[Referring expression grounding data]
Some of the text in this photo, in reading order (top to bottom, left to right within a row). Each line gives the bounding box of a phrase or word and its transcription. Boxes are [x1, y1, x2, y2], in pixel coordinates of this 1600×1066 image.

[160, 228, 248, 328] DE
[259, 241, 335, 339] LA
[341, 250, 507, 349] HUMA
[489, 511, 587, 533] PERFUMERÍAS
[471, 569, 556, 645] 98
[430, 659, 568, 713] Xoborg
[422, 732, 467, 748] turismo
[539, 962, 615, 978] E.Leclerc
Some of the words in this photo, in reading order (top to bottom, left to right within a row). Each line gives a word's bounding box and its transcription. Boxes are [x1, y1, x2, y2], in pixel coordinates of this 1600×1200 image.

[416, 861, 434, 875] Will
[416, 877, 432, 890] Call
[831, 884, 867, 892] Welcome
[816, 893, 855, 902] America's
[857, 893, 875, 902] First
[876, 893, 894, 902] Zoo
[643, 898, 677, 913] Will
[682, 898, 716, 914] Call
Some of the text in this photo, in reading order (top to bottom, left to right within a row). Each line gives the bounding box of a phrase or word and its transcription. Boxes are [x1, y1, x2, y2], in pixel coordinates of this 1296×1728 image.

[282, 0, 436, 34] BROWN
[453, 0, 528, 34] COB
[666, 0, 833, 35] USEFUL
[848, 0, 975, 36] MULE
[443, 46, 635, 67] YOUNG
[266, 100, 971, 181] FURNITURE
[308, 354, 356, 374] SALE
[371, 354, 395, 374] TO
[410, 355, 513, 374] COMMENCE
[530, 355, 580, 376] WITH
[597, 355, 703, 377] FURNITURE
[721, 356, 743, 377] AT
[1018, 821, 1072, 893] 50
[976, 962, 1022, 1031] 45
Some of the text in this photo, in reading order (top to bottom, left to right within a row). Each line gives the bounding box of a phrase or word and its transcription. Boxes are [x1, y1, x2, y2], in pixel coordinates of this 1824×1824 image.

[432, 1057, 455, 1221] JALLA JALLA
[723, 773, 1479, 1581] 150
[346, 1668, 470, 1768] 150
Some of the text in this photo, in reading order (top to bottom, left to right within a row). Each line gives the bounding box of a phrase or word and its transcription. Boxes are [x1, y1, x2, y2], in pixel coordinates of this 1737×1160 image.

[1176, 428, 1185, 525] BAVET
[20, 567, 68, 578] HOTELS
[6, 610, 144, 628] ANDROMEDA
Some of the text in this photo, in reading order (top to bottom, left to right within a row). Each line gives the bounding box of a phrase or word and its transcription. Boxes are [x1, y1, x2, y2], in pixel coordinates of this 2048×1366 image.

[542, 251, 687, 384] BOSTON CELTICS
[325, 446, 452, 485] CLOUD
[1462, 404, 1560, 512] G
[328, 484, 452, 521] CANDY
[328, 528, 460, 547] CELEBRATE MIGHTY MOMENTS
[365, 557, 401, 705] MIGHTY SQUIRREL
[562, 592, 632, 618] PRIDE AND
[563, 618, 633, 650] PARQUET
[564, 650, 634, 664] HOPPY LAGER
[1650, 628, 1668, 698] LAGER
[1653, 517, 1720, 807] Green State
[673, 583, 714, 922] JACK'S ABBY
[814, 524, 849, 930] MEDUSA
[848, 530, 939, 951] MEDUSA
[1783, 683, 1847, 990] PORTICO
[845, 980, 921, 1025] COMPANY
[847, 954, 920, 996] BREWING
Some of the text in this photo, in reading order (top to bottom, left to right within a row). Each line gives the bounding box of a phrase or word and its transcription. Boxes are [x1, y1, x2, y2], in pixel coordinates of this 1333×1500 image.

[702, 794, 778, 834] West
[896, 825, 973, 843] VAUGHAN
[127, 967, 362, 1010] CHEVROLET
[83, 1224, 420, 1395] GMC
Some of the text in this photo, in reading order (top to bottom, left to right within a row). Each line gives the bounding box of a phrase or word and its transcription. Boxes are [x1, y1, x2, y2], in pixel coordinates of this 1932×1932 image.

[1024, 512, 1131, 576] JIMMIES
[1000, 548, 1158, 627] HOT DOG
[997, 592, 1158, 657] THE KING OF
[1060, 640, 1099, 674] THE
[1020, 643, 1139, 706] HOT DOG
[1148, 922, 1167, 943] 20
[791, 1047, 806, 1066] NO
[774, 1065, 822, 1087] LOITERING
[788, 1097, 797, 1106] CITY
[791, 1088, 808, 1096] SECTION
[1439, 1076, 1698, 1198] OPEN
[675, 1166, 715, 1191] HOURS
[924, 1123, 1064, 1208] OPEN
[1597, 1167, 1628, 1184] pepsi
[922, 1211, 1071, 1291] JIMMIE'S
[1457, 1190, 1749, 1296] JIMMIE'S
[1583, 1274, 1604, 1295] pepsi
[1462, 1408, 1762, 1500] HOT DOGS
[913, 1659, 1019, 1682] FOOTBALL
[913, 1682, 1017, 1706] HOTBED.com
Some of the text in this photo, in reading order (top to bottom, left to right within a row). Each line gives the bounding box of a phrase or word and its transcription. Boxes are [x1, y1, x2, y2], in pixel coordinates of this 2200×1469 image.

**Assignment**
All of the records must be retyped exactly as they are.

**Task output**
Some of the text in this photo, in reading order (top to bottom, left to right within a row). Each line gives the bounding box of a phrase or word and its transcription. Boxes are [x1, y1, x2, y2], in pixel coordinates of this 1600×1066 image.

[160, 228, 248, 328] DE
[259, 241, 335, 339] LA
[341, 250, 507, 349] HUMA
[489, 511, 587, 533] PERFUMERÍAS
[471, 569, 556, 645] 98
[430, 659, 568, 713] Xoborg
[422, 732, 467, 748] turismo
[539, 962, 615, 978] E.Leclerc
Some of the words in this photo, in reading order (top to bottom, left to right within a row). Each line gives a word's bounding box and its transcription. Boxes are [x1, y1, x2, y2], in pixel coordinates of this 1600×1200 image.

[416, 861, 434, 875] Will
[416, 877, 432, 890] Call
[831, 884, 867, 892] Welcome
[816, 893, 855, 902] America's
[857, 893, 875, 902] First
[876, 893, 894, 902] Zoo
[643, 898, 677, 913] Will
[682, 898, 716, 914] Call
Some of the text in this photo, in reading order (top to bottom, left to right within a row). Each line gives the bounding box of a phrase or word and its transcription. Boxes are [x1, y1, x2, y2], in pixel coordinates of this 1296×1728 image.

[282, 0, 436, 34] BROWN
[453, 0, 528, 34] COB
[666, 0, 833, 35] USEFUL
[848, 0, 975, 36] MULE
[443, 46, 635, 67] YOUNG
[266, 100, 971, 181] FURNITURE
[308, 354, 356, 374] SALE
[371, 354, 395, 374] TO
[410, 355, 513, 374] COMMENCE
[530, 355, 580, 376] WITH
[597, 355, 703, 377] FURNITURE
[721, 356, 743, 377] AT
[1018, 821, 1072, 893] 50
[976, 962, 1022, 1031] 45
Some of the text in this photo, in reading order (top to bottom, left to right within a row). Each line gives the bounding box of a phrase or word and its transcription. Boxes are [x1, y1, x2, y2], in pixel coordinates of this 1824×1824 image.

[432, 1057, 455, 1221] JALLA JALLA
[723, 773, 1479, 1581] 150
[346, 1668, 470, 1768] 150
Some of the text in this photo, in reading order (top to bottom, left to right within a row). Each line gives the bounding box of a phrase or word and its transcription. Boxes are [x1, y1, x2, y2], in pixel coordinates of this 1737×1160 image.

[1176, 428, 1185, 525] BAVET
[20, 567, 68, 578] HOTELS
[6, 610, 144, 628] ANDROMEDA
Some of the text in this photo, in reading order (top to bottom, left to right within a row). Each line gives the bounding box of a phrase or word and its transcription. Boxes are [x1, y1, x2, y2], in pixel coordinates of this 2048×1366 image.

[542, 251, 687, 384] BOSTON CELTICS
[325, 446, 452, 485] CLOUD
[1462, 404, 1560, 512] G
[328, 484, 452, 521] CANDY
[328, 528, 460, 547] CELEBRATE MIGHTY MOMENTS
[365, 557, 401, 705] MIGHTY SQUIRREL
[562, 592, 632, 618] PRIDE AND
[563, 618, 633, 650] PARQUET
[564, 650, 634, 664] HOPPY LAGER
[1650, 628, 1668, 698] LAGER
[1653, 517, 1720, 807] Green State
[673, 583, 714, 922] JACK'S ABBY
[814, 524, 849, 930] MEDUSA
[848, 530, 939, 951] MEDUSA
[1783, 683, 1847, 990] PORTICO
[845, 980, 921, 1025] COMPANY
[847, 954, 920, 996] BREWING
Some of the text in this photo, in reading order (top to bottom, left to right within a row). Each line gives the bounding box of a phrase or word and its transcription. Boxes are [x1, y1, x2, y2], in pixel coordinates of this 1333×1500 image.

[702, 794, 778, 834] West
[896, 825, 973, 843] VAUGHAN
[127, 967, 362, 1010] CHEVROLET
[83, 1224, 420, 1395] GMC
Some of the text in this photo, in reading order (top to bottom, left to right within a row). Each line gives the bounding box of a phrase or word and its transcription. Boxes are [x1, y1, x2, y2], in pixel coordinates of this 1932×1932 image.

[1024, 512, 1131, 576] JIMMIES
[1000, 548, 1158, 627] HOT DOG
[997, 592, 1158, 657] THE KING OF
[1060, 640, 1099, 674] THE
[1020, 643, 1139, 706] HOT DOG
[1148, 922, 1167, 943] 20
[791, 1047, 806, 1066] NO
[774, 1065, 822, 1087] LOITERING
[788, 1097, 797, 1106] CITY
[791, 1088, 808, 1096] SECTION
[1439, 1076, 1698, 1198] OPEN
[675, 1166, 715, 1191] HOURS
[924, 1123, 1064, 1208] OPEN
[1597, 1167, 1628, 1184] pepsi
[922, 1211, 1071, 1291] JIMMIE'S
[1457, 1190, 1749, 1296] JIMMIE'S
[1583, 1274, 1604, 1295] pepsi
[1462, 1408, 1762, 1500] HOT DOGS
[913, 1659, 1019, 1682] FOOTBALL
[913, 1682, 1017, 1706] HOTBED.com
Some of the text in this photo, in reading order (top to bottom, left to right within a row). Each line gives the bounding box of a phrase or word and its transcription. Boxes are [x1, y1, x2, y2], in pixel coordinates of this 2200×1469 image.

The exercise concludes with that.